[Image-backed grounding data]
+-------+
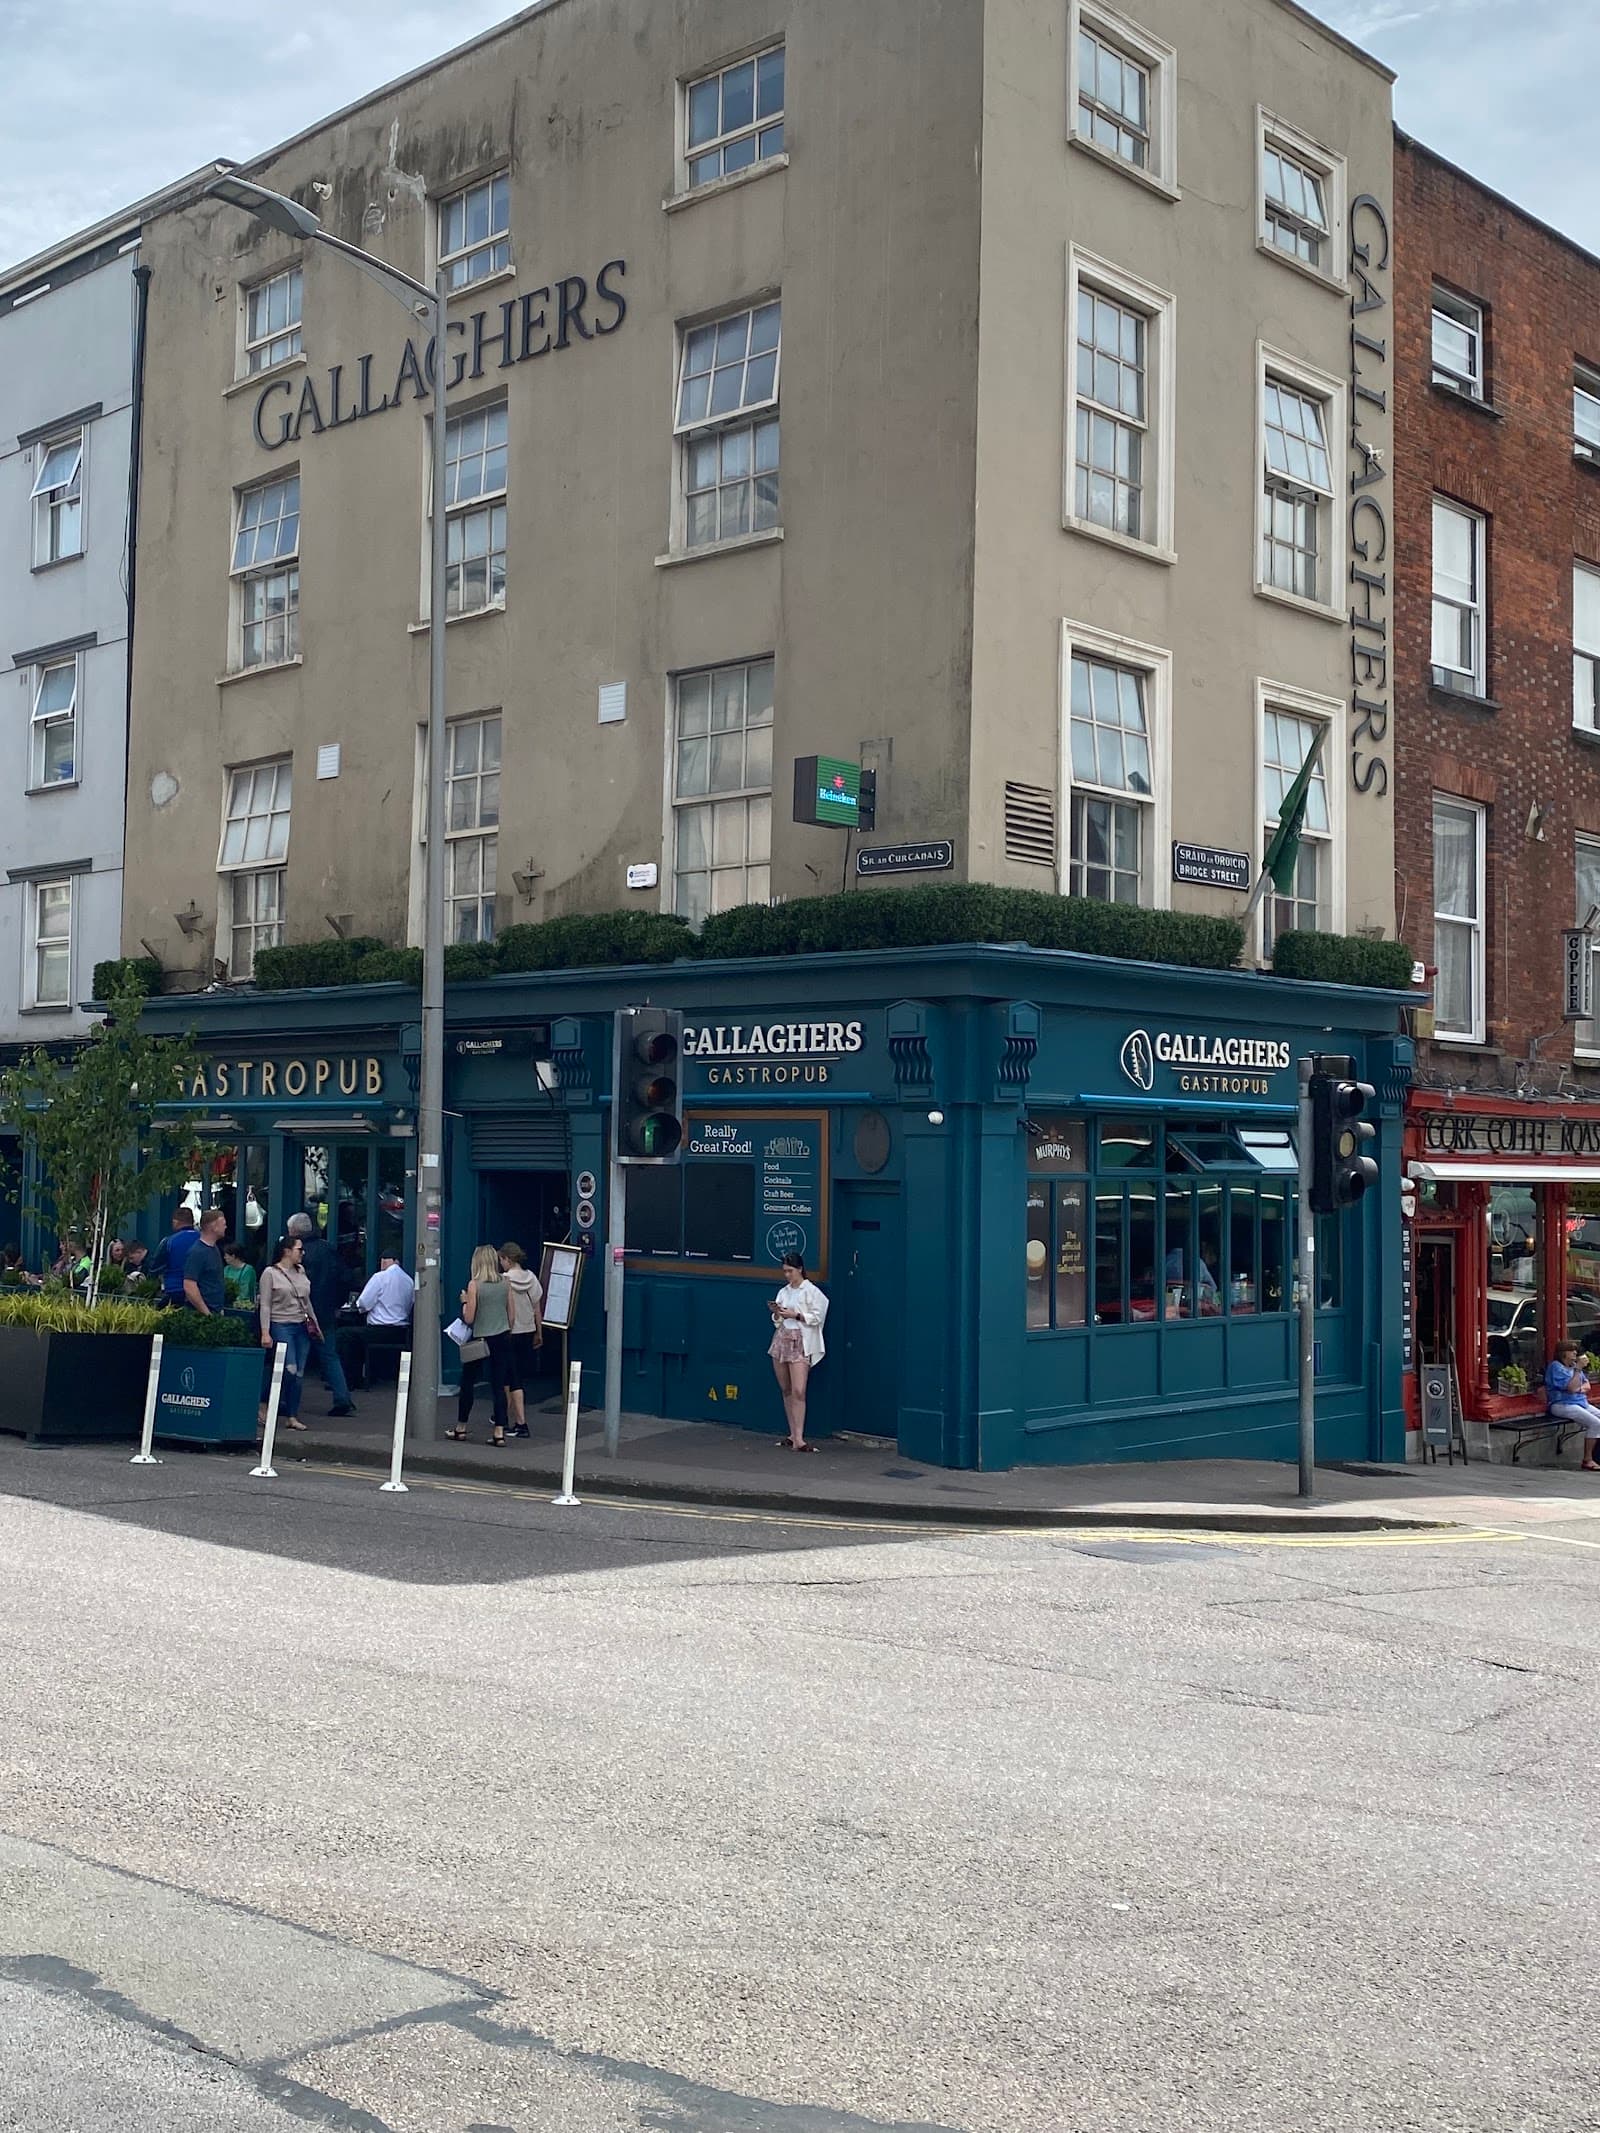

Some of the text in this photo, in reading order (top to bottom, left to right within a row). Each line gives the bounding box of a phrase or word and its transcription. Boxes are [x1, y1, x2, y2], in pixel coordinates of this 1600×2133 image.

[253, 259, 626, 450] GALLAGHERS
[1350, 194, 1389, 796] GALLAGHERS
[1179, 863, 1240, 884] BRIDGE STREET
[683, 1022, 862, 1056] GALLAGHERS
[1156, 1032, 1290, 1069] GALLAGHERS
[708, 1065, 828, 1084] GASTROPUB
[1181, 1075, 1269, 1095] GASTROPUB
[704, 1124, 738, 1141] Really
[1427, 1115, 1477, 1149] CORK
[689, 1140, 753, 1154] Great Food!
[763, 1162, 780, 1171] Food
[161, 1393, 211, 1408] GALLAGHERS
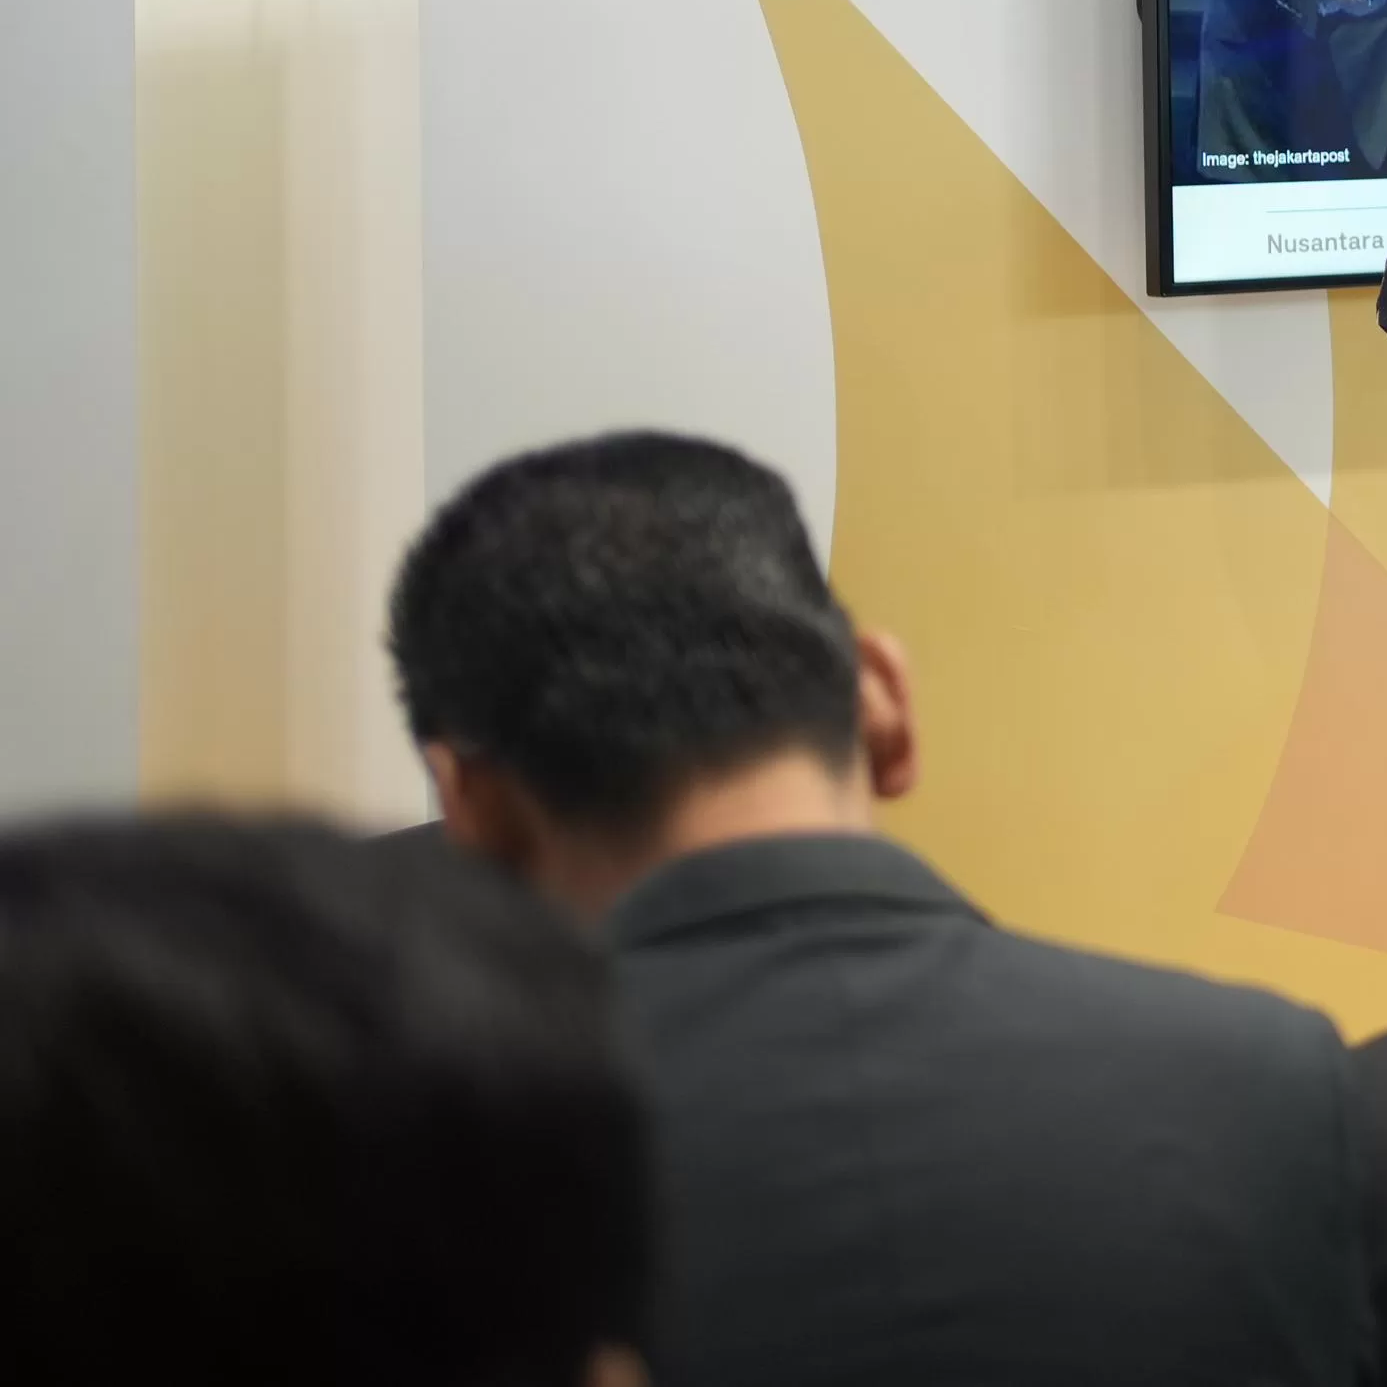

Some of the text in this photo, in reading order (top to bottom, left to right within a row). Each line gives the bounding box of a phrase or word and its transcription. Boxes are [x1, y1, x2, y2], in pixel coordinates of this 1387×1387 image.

[1202, 148, 1351, 169] Image: thejakartapost
[1267, 232, 1385, 255] Nusantara
+-------+
• Action item:
Hand back the data above exactly, with no images.

• Answer for the task:
Some of the text in this photo, in reading order (top to bottom, left to right within a row). Each line gives the bounding box of a phrase or word and its transcription. Boxes are [x1, y1, x2, y2], in pixel coordinates of this 1600×2133 image.

[253, 259, 626, 450] GALLAGHERS
[1350, 194, 1389, 796] GALLAGHERS
[1179, 863, 1240, 884] BRIDGE STREET
[683, 1022, 862, 1056] GALLAGHERS
[1156, 1032, 1290, 1069] GALLAGHERS
[708, 1065, 828, 1084] GASTROPUB
[1181, 1075, 1269, 1095] GASTROPUB
[704, 1124, 738, 1141] Really
[1427, 1115, 1477, 1149] CORK
[689, 1140, 753, 1154] Great Food!
[763, 1162, 780, 1171] Food
[161, 1393, 211, 1408] GALLAGHERS

Some of the text in this photo, in reading order (top to bottom, left to right within a row). Each line gives the bounding box of a phrase or word and its transcription. Boxes are [x1, y1, x2, y2], in pixel coordinates of this 1387×1387 image.

[1202, 148, 1351, 169] Image: thejakartapost
[1267, 232, 1385, 255] Nusantara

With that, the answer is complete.